## Work instruction
Restate all of the entries exactly. Any picture in them should be skipped.

## Spatial localization data
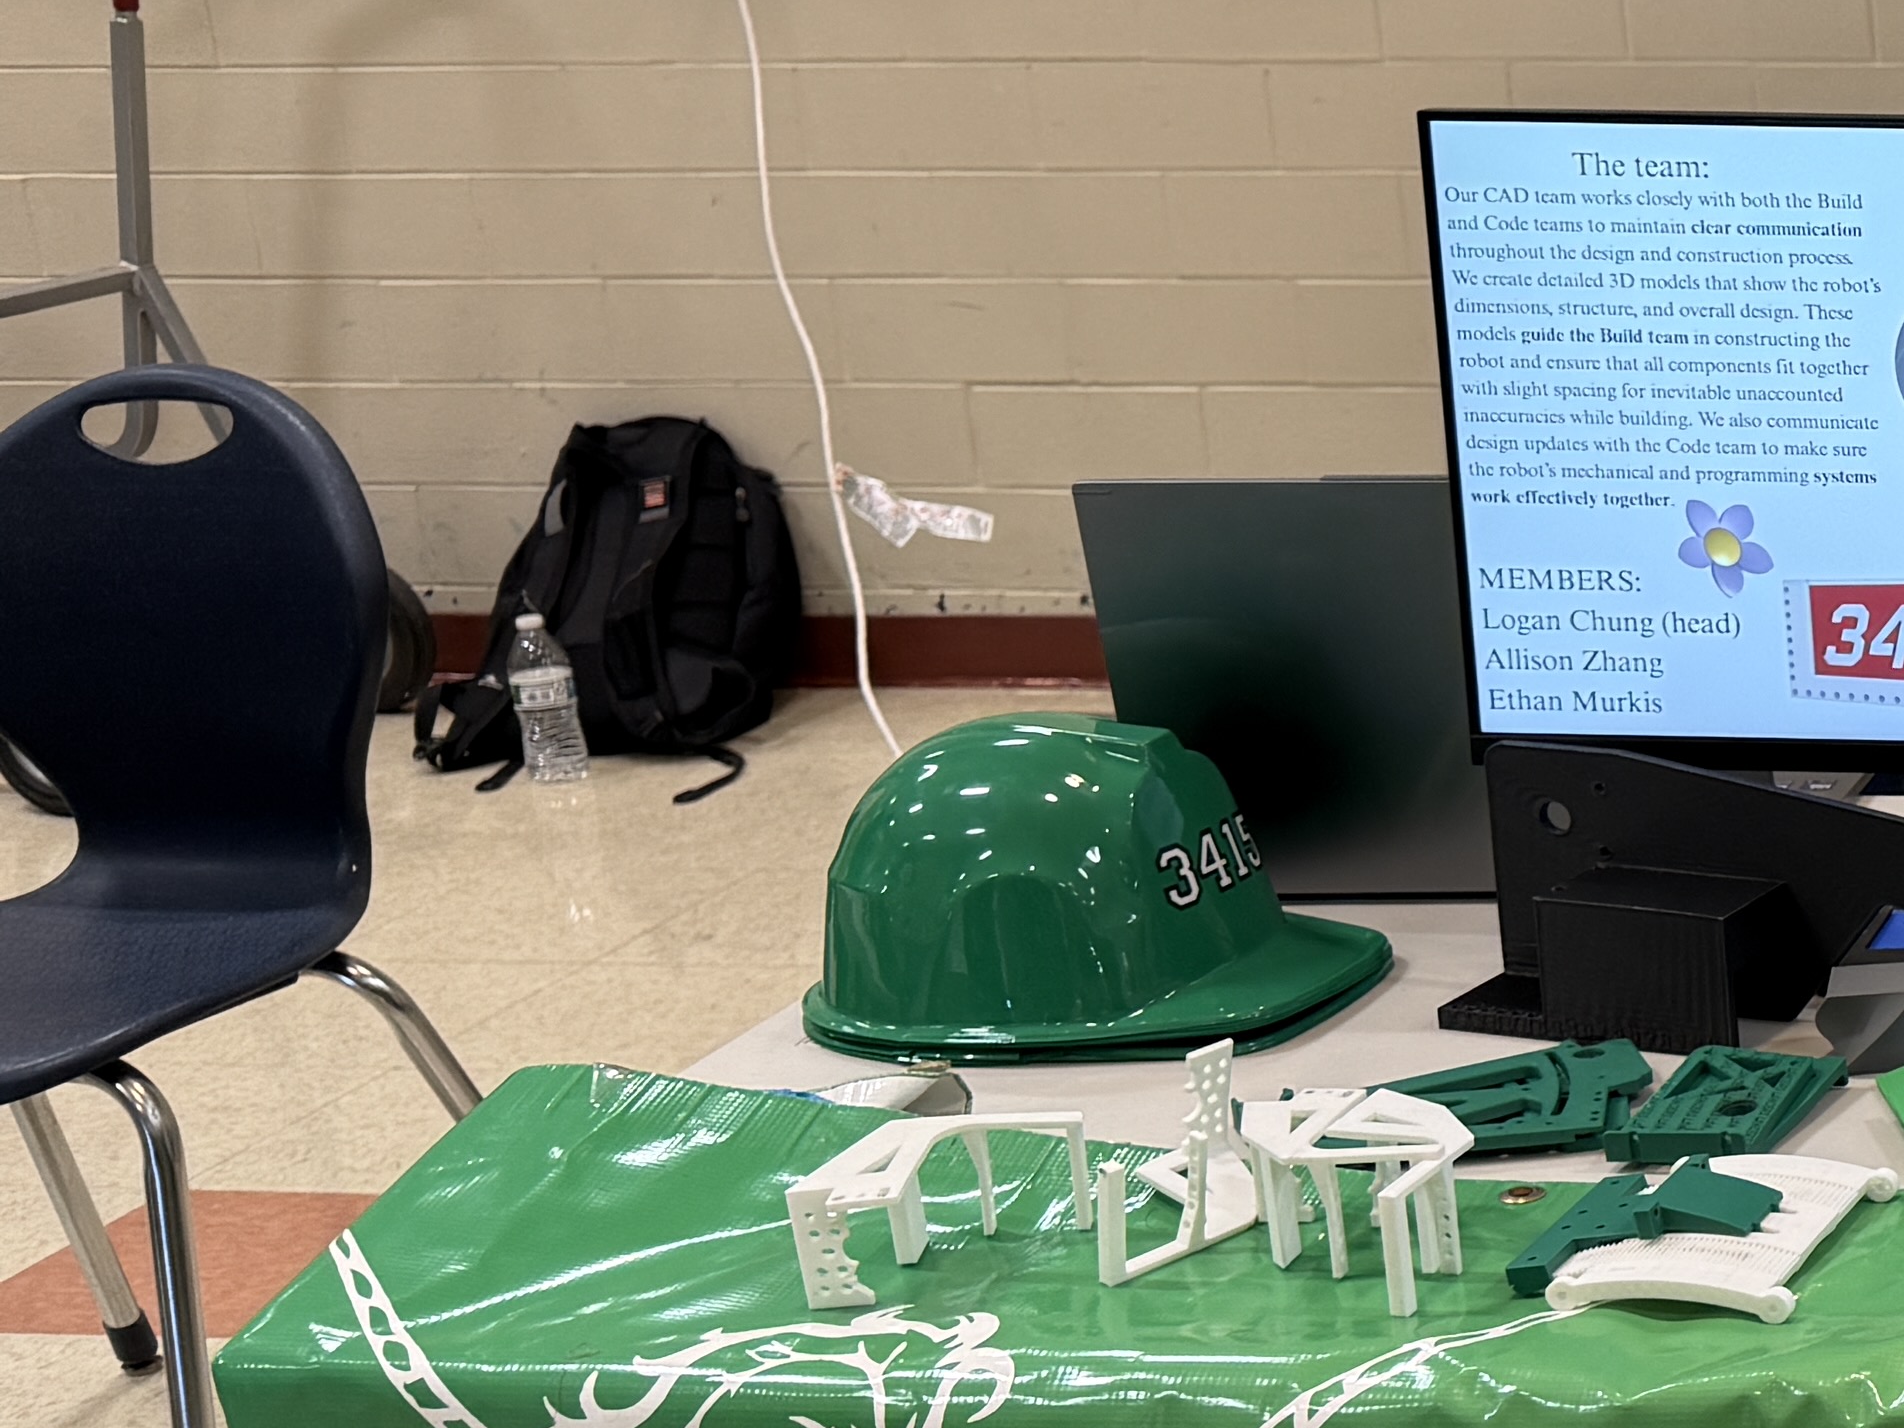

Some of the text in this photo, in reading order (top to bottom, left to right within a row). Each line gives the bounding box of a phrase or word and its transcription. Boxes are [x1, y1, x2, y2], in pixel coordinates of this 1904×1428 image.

[1571, 151, 1710, 179] The team:
[1444, 186, 1863, 211] Our CAD team works closely with both the Build
[1447, 214, 1862, 238] and Code teams to maintain clear communication
[1449, 241, 1545, 263] throughout
[1549, 244, 1577, 260] the
[1580, 244, 1635, 265] design
[1639, 245, 1672, 262] and
[1676, 250, 1784, 264] construction
[1451, 269, 1478, 286] We
[1482, 273, 1533, 287] create
[1537, 271, 1604, 288] detailed
[1609, 272, 1635, 289] 3D
[1640, 273, 1701, 291] models
[1704, 274, 1738, 291] that
[1743, 274, 1787, 292] show
[1791, 276, 1818, 293] the
[1468, 461, 1494, 477] the
[1561, 463, 1654, 481] mechanical
[1659, 465, 1691, 481] and
[1695, 467, 1810, 487] programming
[1813, 470, 1878, 487] systems
[1470, 488, 1675, 509] work effectively together.
[1478, 567, 1642, 593] MEMBERS:
[1482, 607, 1741, 639] Logan Chung (head)
[1485, 647, 1665, 679] Allison Zhang
[1488, 688, 1663, 714] Ethan Murkis
[1157, 812, 1262, 909] 3415

## The completed task
Some of the text in this photo, in reading order (top to bottom, left to right within a row). Each line gives the bounding box of a phrase or word and its transcription. Boxes are [x1, y1, x2, y2], in pixel coordinates of this 1904×1428 image.

[1571, 151, 1710, 179] The team:
[1444, 186, 1863, 211] Our CAD team works closely with both the Build
[1447, 214, 1862, 238] and Code teams to maintain clear communication
[1449, 241, 1545, 263] throughout
[1549, 244, 1577, 260] the
[1580, 244, 1635, 265] design
[1639, 245, 1672, 262] and
[1676, 250, 1784, 264] construction
[1451, 269, 1478, 286] We
[1482, 273, 1533, 287] create
[1537, 271, 1604, 288] detailed
[1609, 272, 1635, 289] 3D
[1640, 273, 1701, 291] models
[1704, 274, 1738, 291] that
[1743, 274, 1787, 292] show
[1791, 276, 1818, 293] the
[1468, 461, 1494, 477] the
[1561, 463, 1654, 481] mechanical
[1659, 465, 1691, 481] and
[1695, 467, 1810, 487] programming
[1813, 470, 1878, 487] systems
[1470, 488, 1675, 509] work effectively together.
[1478, 567, 1642, 593] MEMBERS:
[1482, 607, 1741, 639] Logan Chung (head)
[1485, 647, 1665, 679] Allison Zhang
[1488, 688, 1663, 714] Ethan Murkis
[1157, 812, 1262, 909] 3415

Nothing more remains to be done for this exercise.